So wie Vivaldi den vier Werken jeweils ein Sonett voranstellt, um lesbar zu
machen, was zu hören sein soll, erklärt nun eine Wissenschaftlerin (Marie
Becker) im strengen Vortragstonfall, dass die jubilierend knospende
Frühlingsmusik, ja, das ganze farbenfrohe Abbild der Jahreszeiten der
Ausdruck von Wetter- und Klimaerfahrungen im 18. Jahrhundert ist, dem Ende
der kleinen Eiszeit.
Damals habe die CO2-Konzentration in der Atmosphäre noch bei 280 ppm
gelegen, also 280 Millionstel Teile.

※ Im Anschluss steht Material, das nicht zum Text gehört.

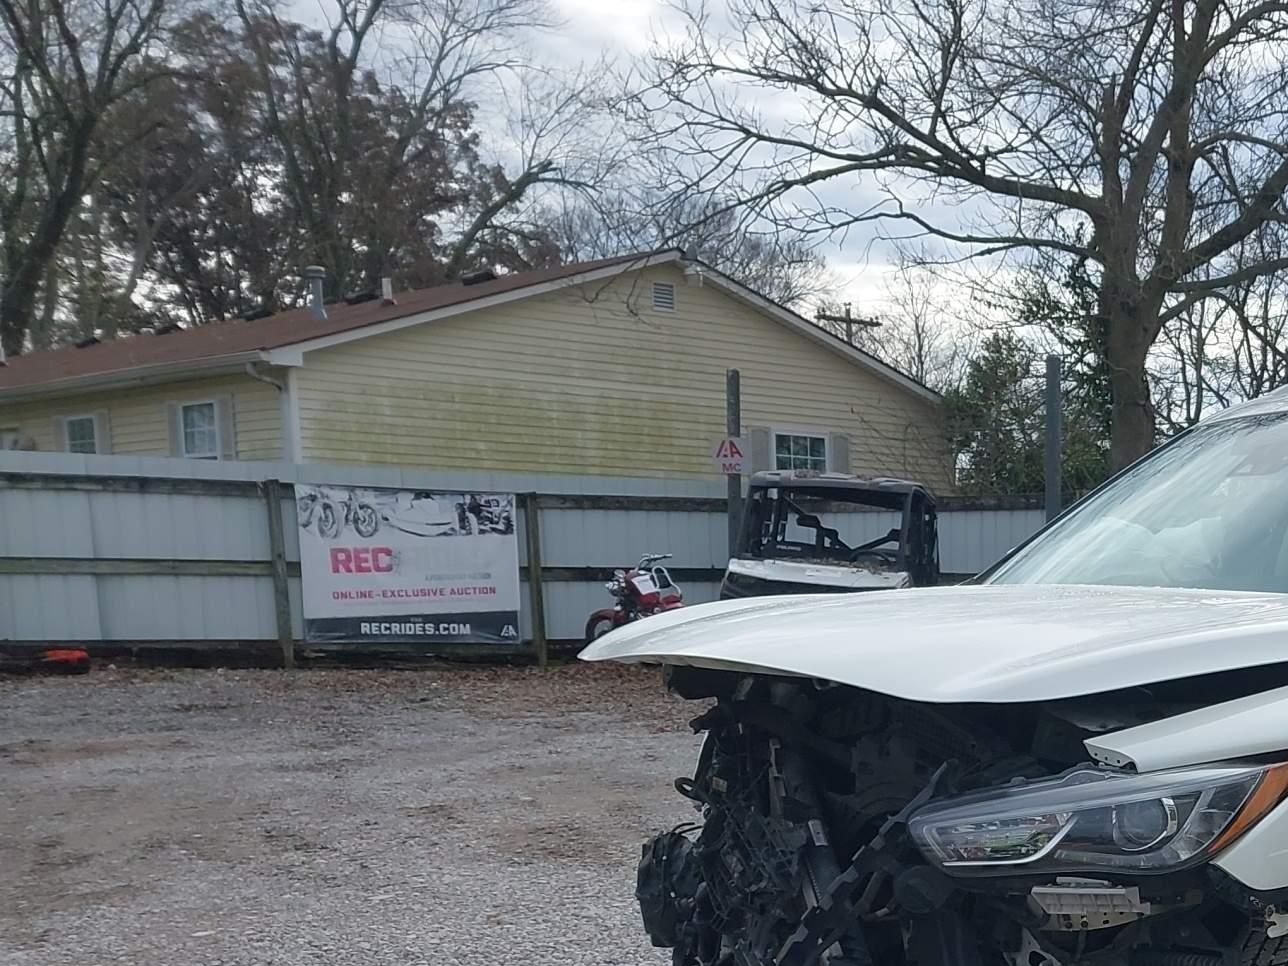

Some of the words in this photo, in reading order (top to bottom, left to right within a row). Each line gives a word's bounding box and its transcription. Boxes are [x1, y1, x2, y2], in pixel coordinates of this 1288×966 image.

Die Entwicklung bis auf über 400 ppm
heute verdeutlichen digital animierte Grafiken, die vom Bühnenboden peu à
peu dem Bühnenhimmel entgegenkurven.
Schon wird „1840“ eingeblendet, rauchende Schlote der Industrialisierung,
Kohlehalden, Dampfloks flimmern vorüber. Das unaufhaltsame Fließen der vom
Werden und Vergehen erzählenden Klangbeschwörungen Vivaldis verliert dabei
seine klare Formensprache. Die Interpretation wirkt dank digitaler Technik
beunruhigend verzerrt und wird von Klangstürmen wie Extremwettereignissen
bedrohlich durchweht.
## Unterrichtsstunde mit Agitprop-Appeal
Bald darauf zeigen „Tagesschau“-Bilder wie Flugzeug- sowie Autoverkehre und
ein AKW in Tschernobyl explodieren, während sich Menschen zu Tode amüsieren
im Konsumrausch. Es folgen Clips über die Folgen: extreme Dürre, extreme
Stürme, extremes Artensterben, extrem schmelzende Eisberge etc. Dazu
referiert die Wissenschaftlerin über die Grenzen des Wachstums, gegen das
kapitalistische Wertesystem usw.
Eine Unterrichtsstunde mit Agitprop-Appeal für Klimawandel-Anfänger ist
diese theaterkünstlerisch eher schlichte Lecture Performance. Die
Aufklärerin im Laborkittel schwingt sich aus stoischer Verbitterung zu
großem Empörungsfuror auf. Denn: „Wir sind am Arsch.“
Aber es ist keine lebendige, psychologisch differenziert ausgearbeitete
Figur zu erleben, sondern nur eine Sprechpuppe wohlbekannter Aussagen
inklusive des kassandrischen Schmerzes, dass wissenschaftliche Erkenntnisse
und daraus abgeleitete Forderungen nicht gehört werden. Daraus leitet die
Protagonistin eine moralische Pflicht zum Handeln ab, will ab sofort ein
Hindernis im Leben anderer sein, um zumindest so Aufmerksamkeit für ihre,
unser aller Not zu bekommen. Da überzeugt die Aufführung.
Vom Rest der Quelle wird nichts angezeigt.